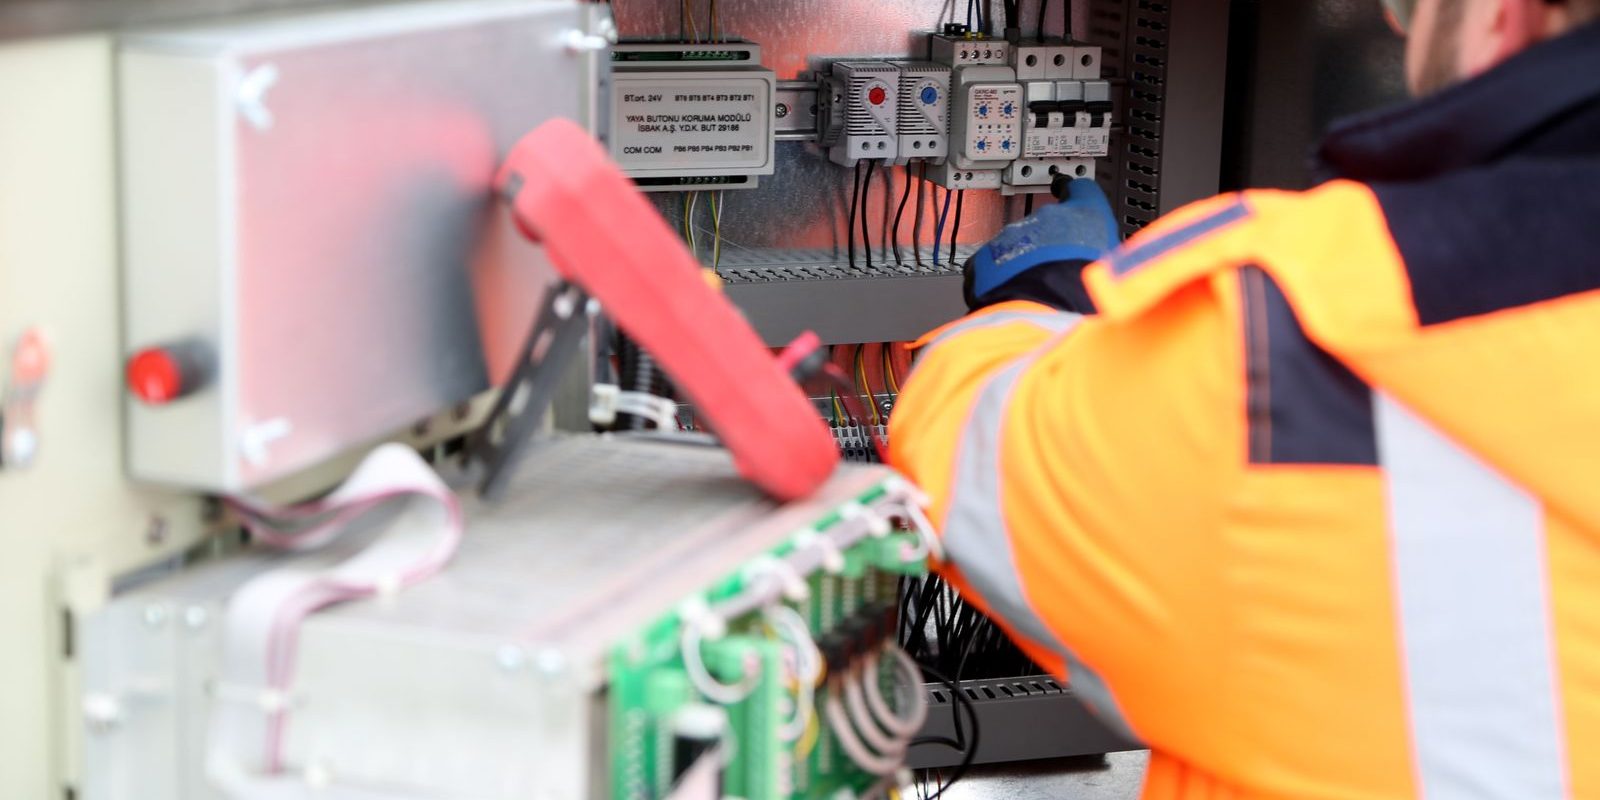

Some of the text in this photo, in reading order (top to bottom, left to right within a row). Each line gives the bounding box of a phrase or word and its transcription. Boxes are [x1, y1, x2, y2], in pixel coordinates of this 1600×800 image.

[648, 94, 662, 102] 24V
[681, 114, 716, 122] KORUMA
[717, 113, 751, 122] MODÜLÜ
[637, 124, 661, 132] İSBAK
[662, 125, 676, 133] A.Ş.
[701, 124, 716, 132] BUT
[623, 146, 662, 154] COM COM
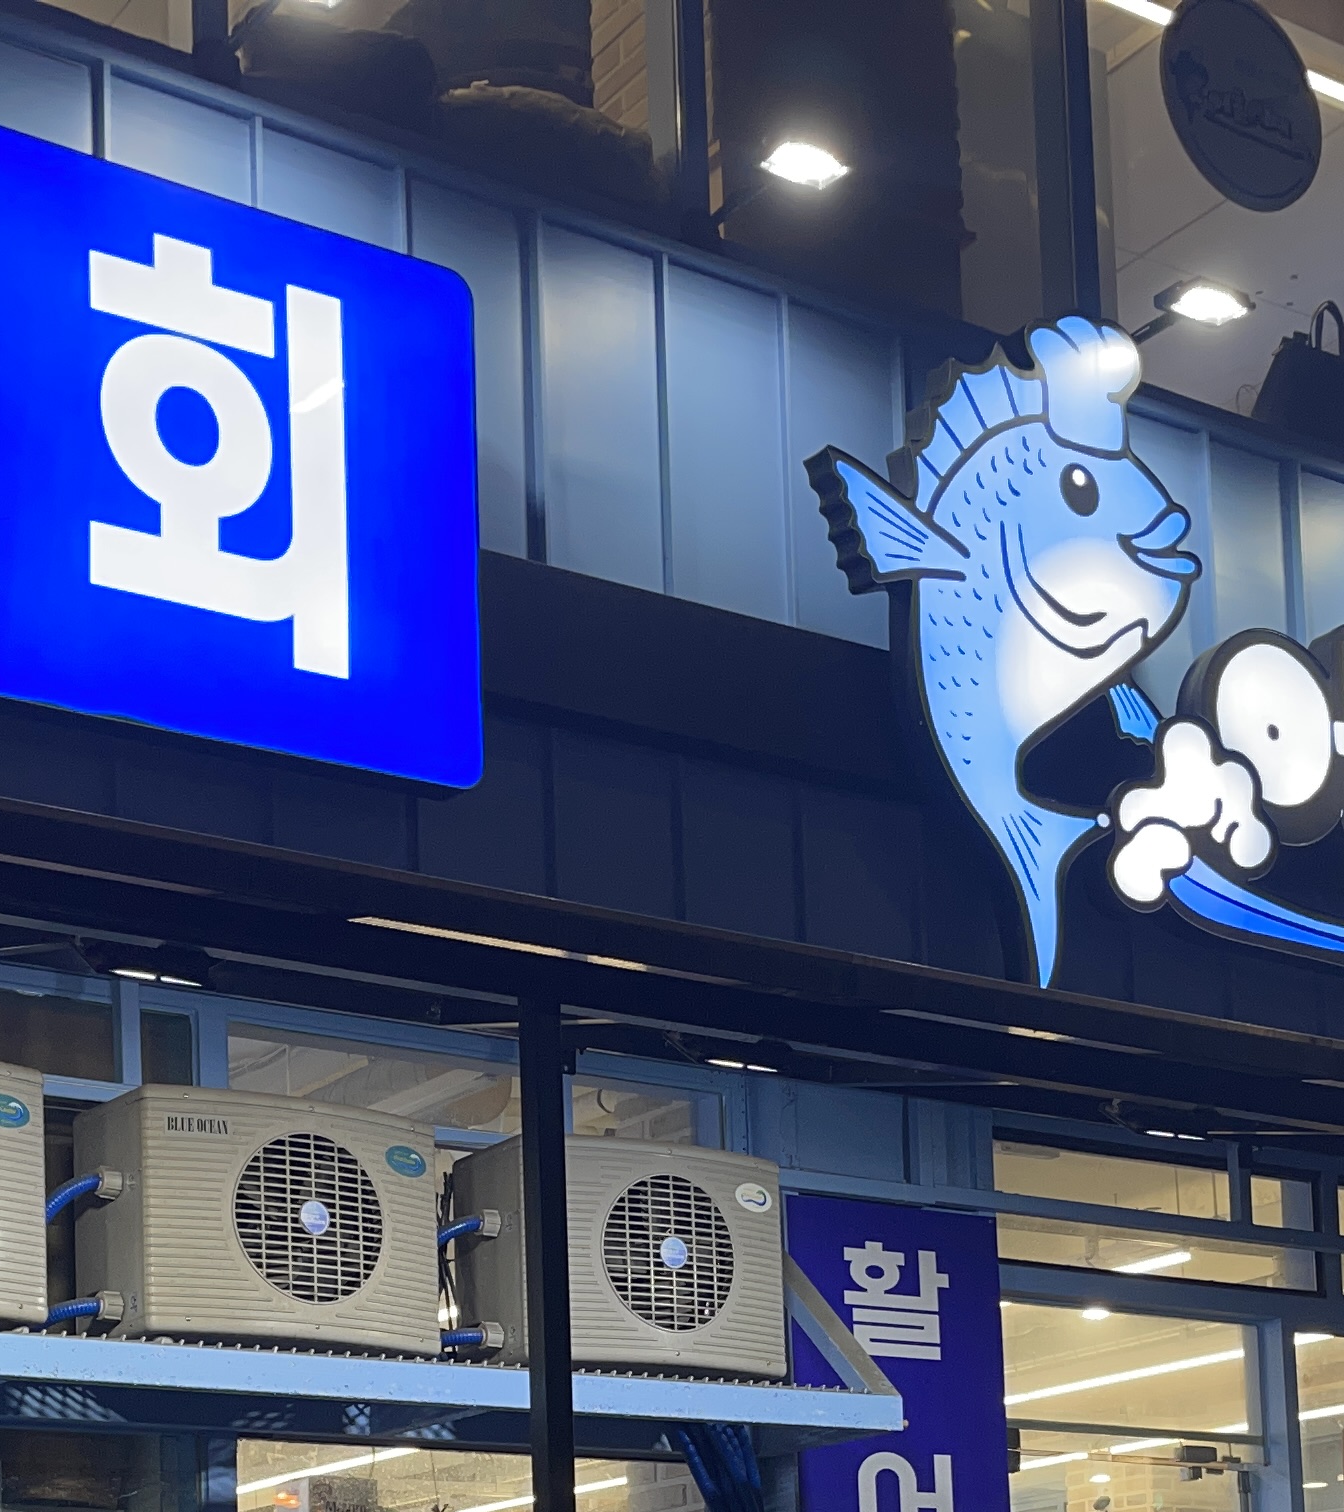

PROBLEM REQUIREMENTS
Reproduce every entry above exactly, and omit the pictures.

EXPECTED OUTPUT
Some of the text in this photo, in reading order (top to bottom, left to right within a row). Each line gives the bounding box of a phrase or word and its transcription. Boxes are [x1, y1, x2, y2], in pixel coordinates of this 1600×800 image.

[648, 94, 662, 102] 24V
[681, 114, 716, 122] KORUMA
[717, 113, 751, 122] MODÜLÜ
[637, 124, 661, 132] İSBAK
[662, 125, 676, 133] A.Ş.
[701, 124, 716, 132] BUT
[623, 146, 662, 154] COM COM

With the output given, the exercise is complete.